ESMA coloca risco de mercado, contágio e operacional em nível muito alto com avanço das conexões cripto
Regulador europeu alerta para avaliações elevadas, maior vulnerabilidade a ataques cibernéticos e IA, e controles fracos em mercados de previsão que aumentam a chance de uma correção abrupta que se espalhe para o sistema financeiro tradicional.
No dia 10 de setembro de 2026, a Autoridade Europeia dos Valores Mobiliários e dos Mercados (ESMA) classificou os riscos de mercado, de contágio e operacionais no nível mais alto em seu segundo relatório de monitoramento de riscos de 2026.
A ESMA afirmou que a ampliação da diferença entre o otimismo dos investidores e o enfraquecimento das condições macroeconômicas e geopolíticas aumenta a probabilidade de uma correção abrupta do mercado, observação destacada pela presidente Verena Ross.

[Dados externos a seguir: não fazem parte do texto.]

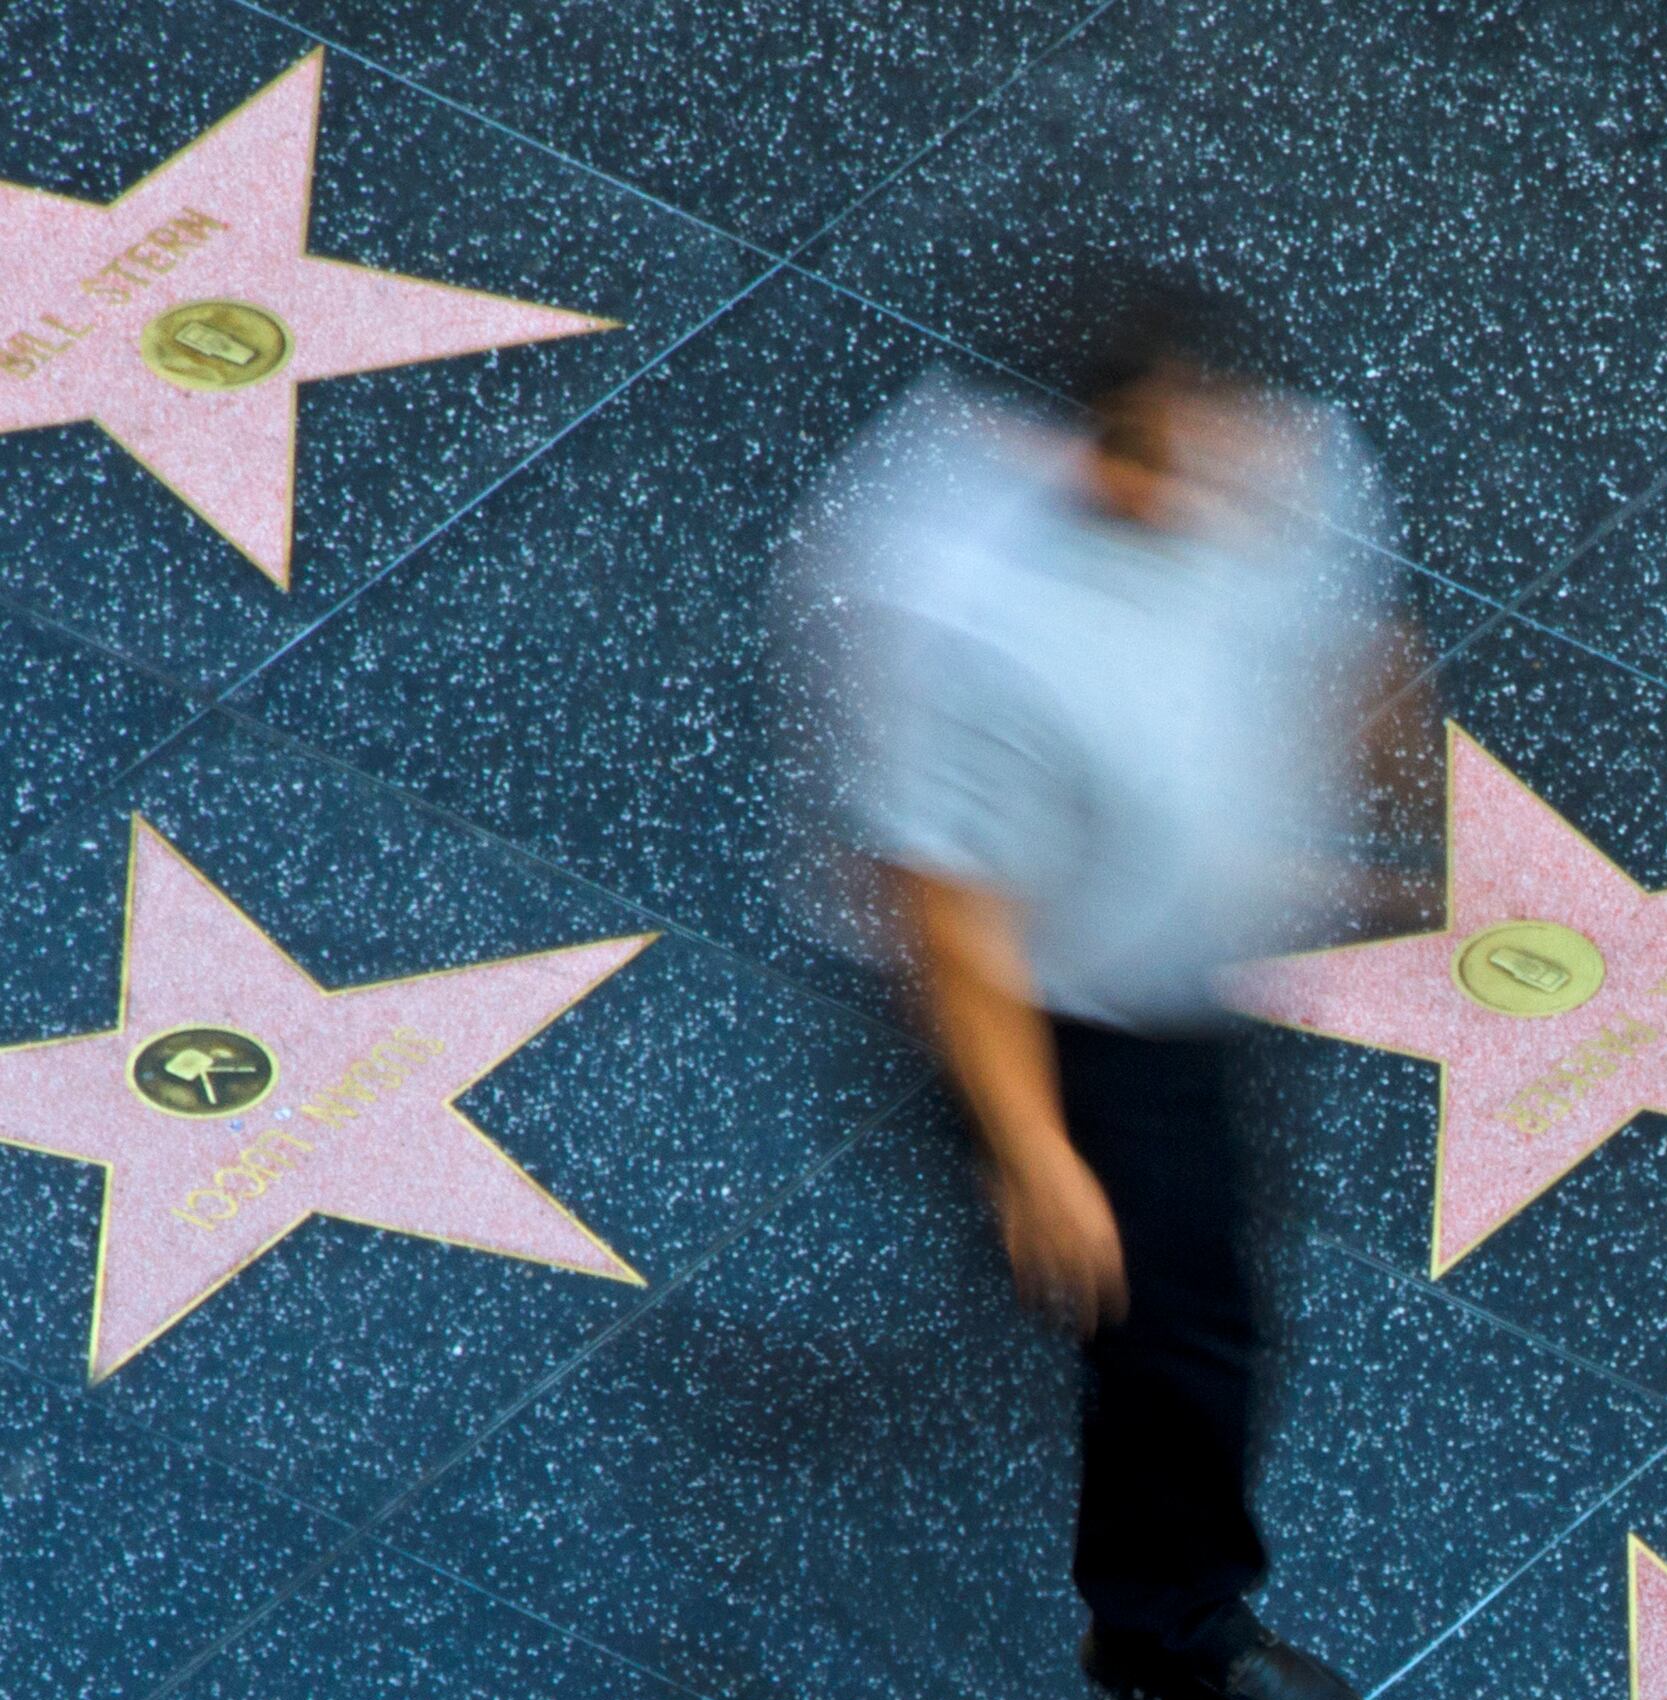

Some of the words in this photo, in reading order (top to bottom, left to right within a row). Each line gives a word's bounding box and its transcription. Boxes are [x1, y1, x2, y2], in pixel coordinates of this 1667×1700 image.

[0, 312, 97, 380] BILL
[80, 206, 230, 306] STERN
[300, 1026, 446, 1131] SUSAN
[1494, 1010, 1660, 1136] PARKER
[170, 1129, 315, 1231] LUCCI

Os títulos tokenizados em circulação subiram para cerca de €1,9 bilhão em junho de 2026, ante aproximadamente €0,3 bilhão no fim de 2024. A ESMA alertou que tokens de ações embrulhados (wrapped stock tokens) podem dividir liquidez e deixar a propriedade legal incerta, porque transferências em blockchain frequentemente não alteram os registros de acionistas das empresas.

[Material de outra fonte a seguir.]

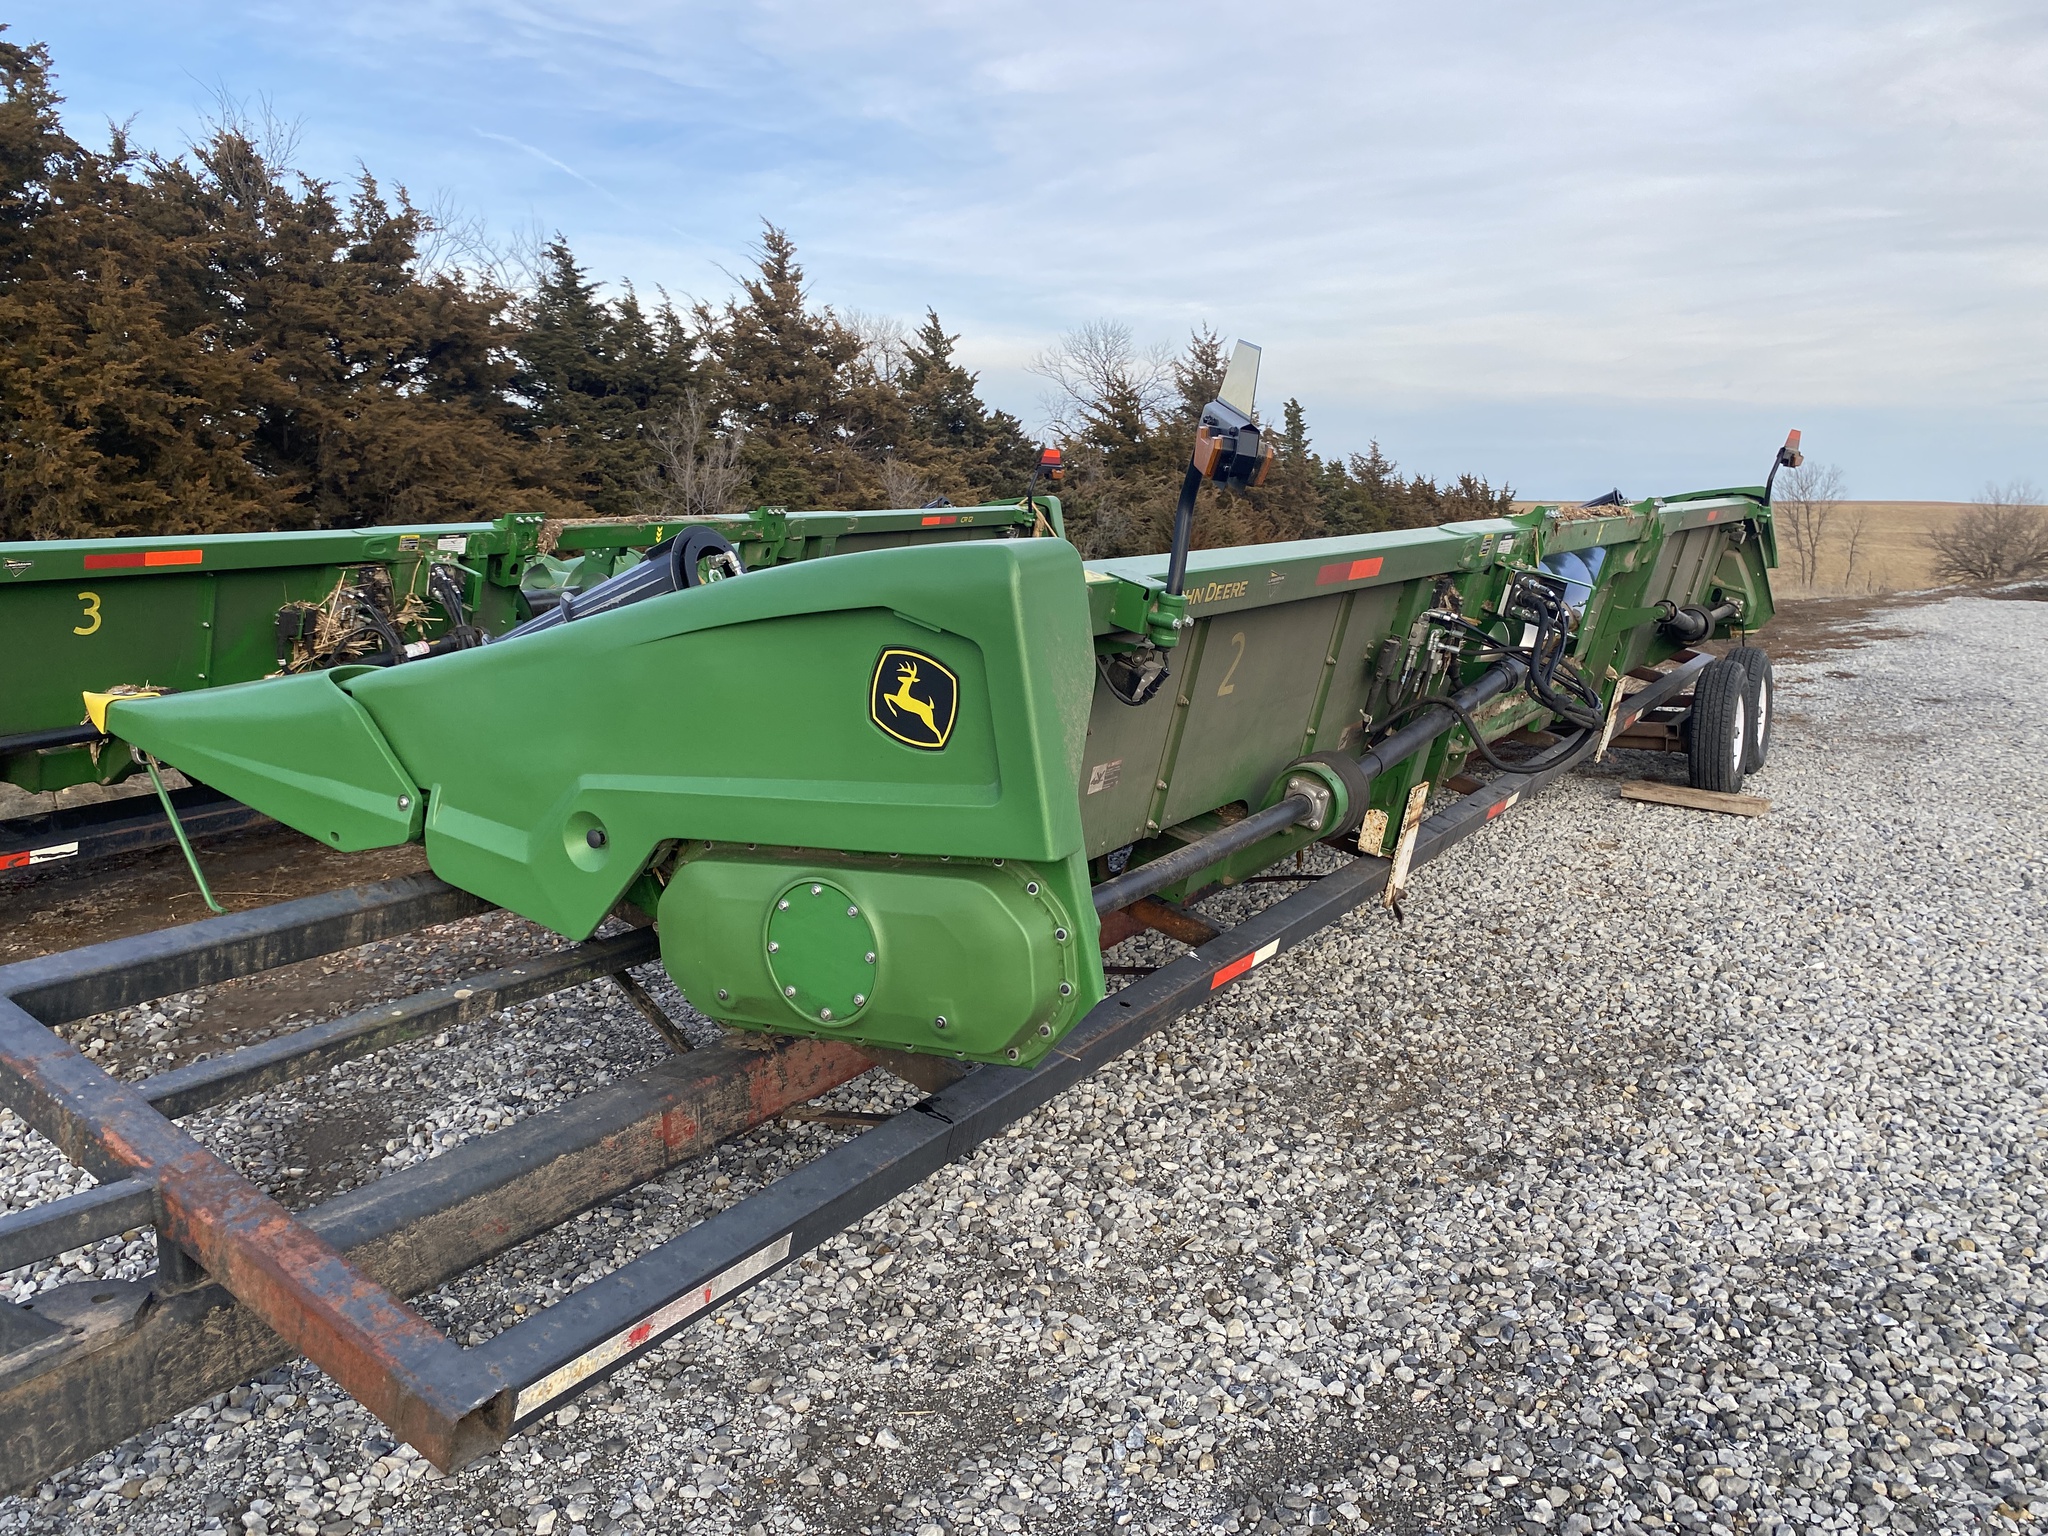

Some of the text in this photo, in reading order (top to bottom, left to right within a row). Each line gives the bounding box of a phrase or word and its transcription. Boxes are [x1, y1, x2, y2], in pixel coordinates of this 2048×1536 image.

[73, 591, 102, 636] 3
[1205, 580, 1249, 603] DEERE
[1217, 631, 1246, 697] 2

O órgão apontou riscos de conduta e de liquidação nos mercados de previsão, citando volumes de negociação elevados, episódios documentados de ganhos suspeitos em carteiras (wallets) e alegações de manipulação de sensores; a ESMA também observou que alguns contratos ligados a eventos financeiros podem se qualificar como derivativos sob a MiFID II.

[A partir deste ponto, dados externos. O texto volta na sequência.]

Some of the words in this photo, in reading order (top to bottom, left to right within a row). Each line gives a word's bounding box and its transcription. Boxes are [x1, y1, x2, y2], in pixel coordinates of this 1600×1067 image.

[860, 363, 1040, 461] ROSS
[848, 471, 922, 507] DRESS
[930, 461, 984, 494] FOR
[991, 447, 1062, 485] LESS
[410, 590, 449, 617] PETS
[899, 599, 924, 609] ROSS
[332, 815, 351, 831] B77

A ESMA sinalizou aumento dos riscos operacionais impulsionados por ameaças cibernéticas e pela inteligência artificial, advertiu que vínculos mais estreitos entre cripto, DeFi e infraestruturas de mercado tradicionais podem transmitir choques, e afirmou que regras nacionais fragmentadas sobre jogos de azar, o uso de VPNs e carteiras pseudônimas dificultam a fiscalização transfronteiriça e a proteção dos investidores.